Les douleurs cervicales sont fréquentes, souvent impressionnantes, et rassurantes dans la très grande majorité des cas : il s'agit d'une cervicalgie commune, sans lésion grave, qui évolue favorablement. Le message qui change le plus la prise en charge est contre-intuitif : bouger vaut mieux qu'immobiliser, et le collier cervical retarde la récupération au lieu de l'accélérer[2].

Retenez aussi qu'une image anormale n'explique pas forcément une douleur : 87,6 % des personnes sans aucun symptôme présentent un bombement discal cervical[1]. Si l'on vous parle d'arthrose cervicale, cela ne signifie pas que votre cou est abîmé. Commencez dès aujourd'hui par deux gestes : dix rentrés de menton, et un rappel toutes les 45 minutes pour changer de position. Et consultez sans attendre en cas de traumatisme, de perte de force, de fourmillements persistants ou de douleur nocturne intense : ces situations sont rares, mais elles se reconnaissent.

Aller plus loin

  1. Nakashima H, Yukawa Y, Suda K, Yamagata M, Ueta T, Kato F. Abnormal findings on magnetic resonance images of the cervical spines in 1211 asymptomatic subjects. Spine. 2015;40(6):392-398. DOI : 10.1097/BRS.0000000000000775. Bombement discal chez 87,6 % des sujets asymptomatiques ; 73,3 % des hommes et 78,0 % des femmes dès la vingtaine.
  2. Blanpied PR, Gross AR, Elliott JM, et al. Neck Pain : Revision 2017. Clinical Practice Guidelines linked to the International Classification of Functioning, Disability and Health. Journal of Orthopaedic & Sports Physical Therapy. 2017;47(7):A1-A83.
  3. Damasceno GM, Ferreira AS, Nogueira LAC, Reis FJJ, Andrade ICS, Meziat-Filho N. Text neck and neck pain in 18-21-year-old young adults.

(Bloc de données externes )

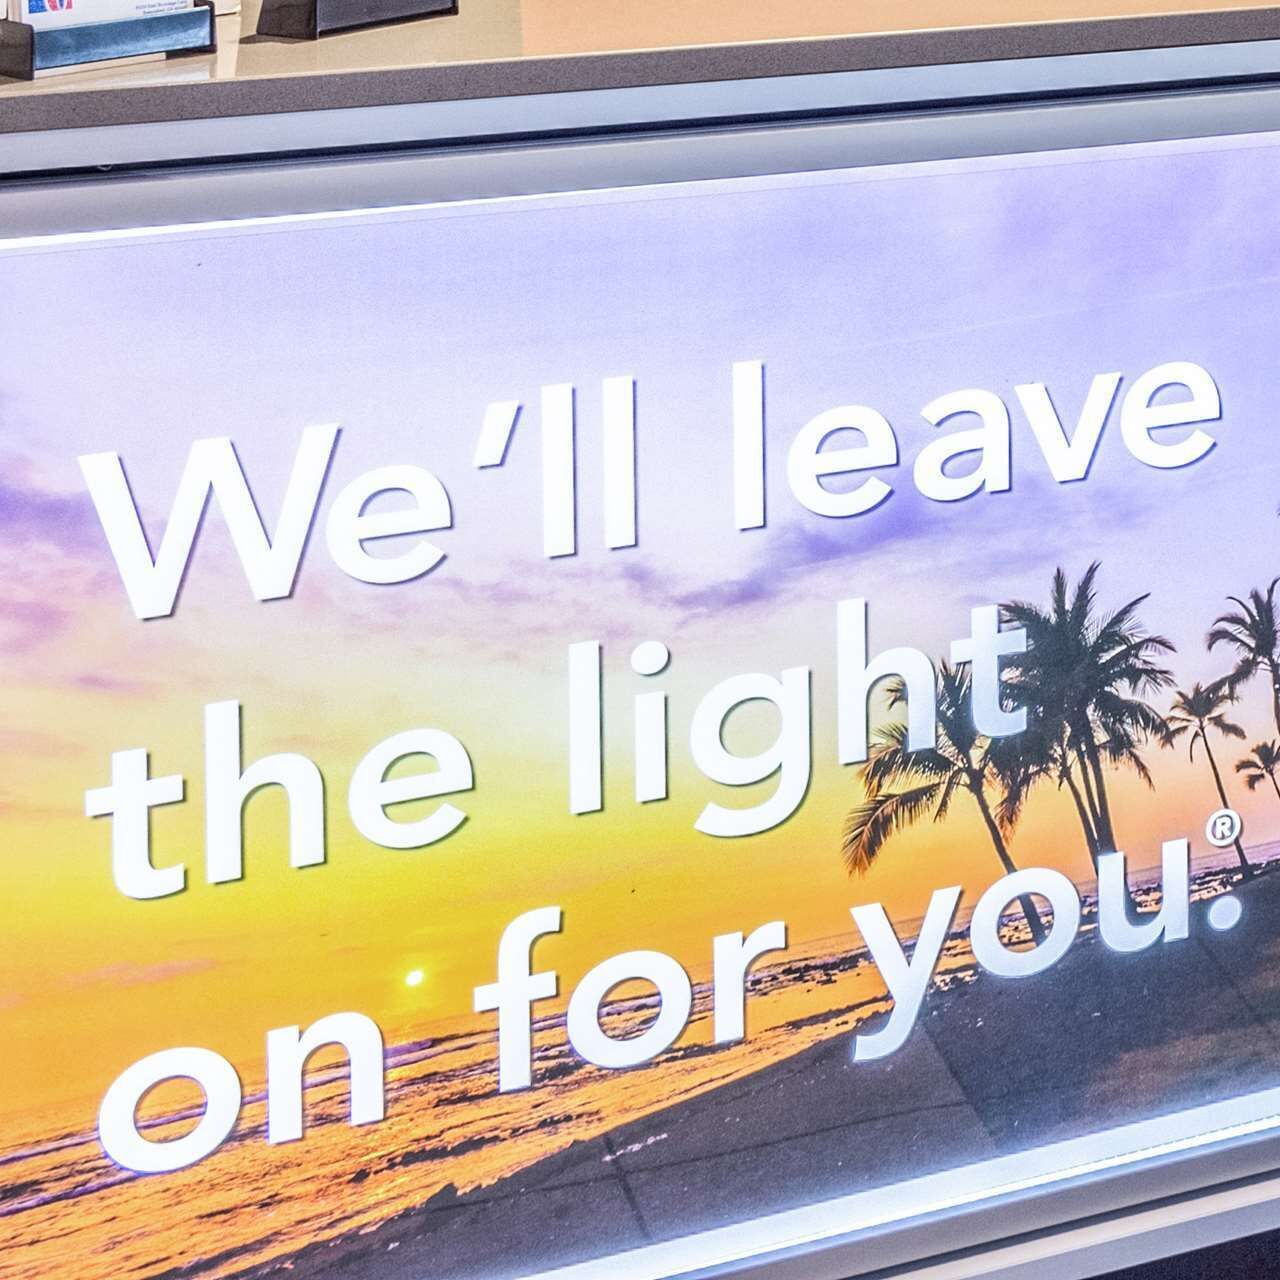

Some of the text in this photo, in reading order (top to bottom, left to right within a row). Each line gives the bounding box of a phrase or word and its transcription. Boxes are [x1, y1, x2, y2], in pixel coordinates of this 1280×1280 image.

European Spine Journal. 2018;27(6):1249-1254.
  4. Gross A, Kay TM, Paquin JP, et al. Exercises for mechanical neck disorders. Cochrane Database of Systematic Reviews. 2015;(1):CD004250.
  5. Assurance Maladie. Douleur cervicale (cervicalgie) : symptômes, causes et traitement. ameli.fr
  6. Organisation mondiale de la santé. Lignes directrices sur l'activité physique et la sédentarité. 2020. who.int
Avertissement Cet article a une vocation informative et ne remplace pas une consultation médicale. Seul un professionnel de santé peut établir le diagnostic d'une douleur cervicale, éliminer les causes sérieuses et adapter la prise en charge à votre situation. Consultez sans délai en cas de traumatisme récent, de perte de force dans un bras, de troubles de la marche ou de l'équilibre, de fièvre avec raideur de nuque, de douleur nocturne intense, d'amaigrissement inexpliqué ou de céphalée brutale et inhabituelle. Les exercices proposés doivent être réalisés sans douleur et interrompus en cas d'irradiation dans le bras, de fourmillements ou de vertige.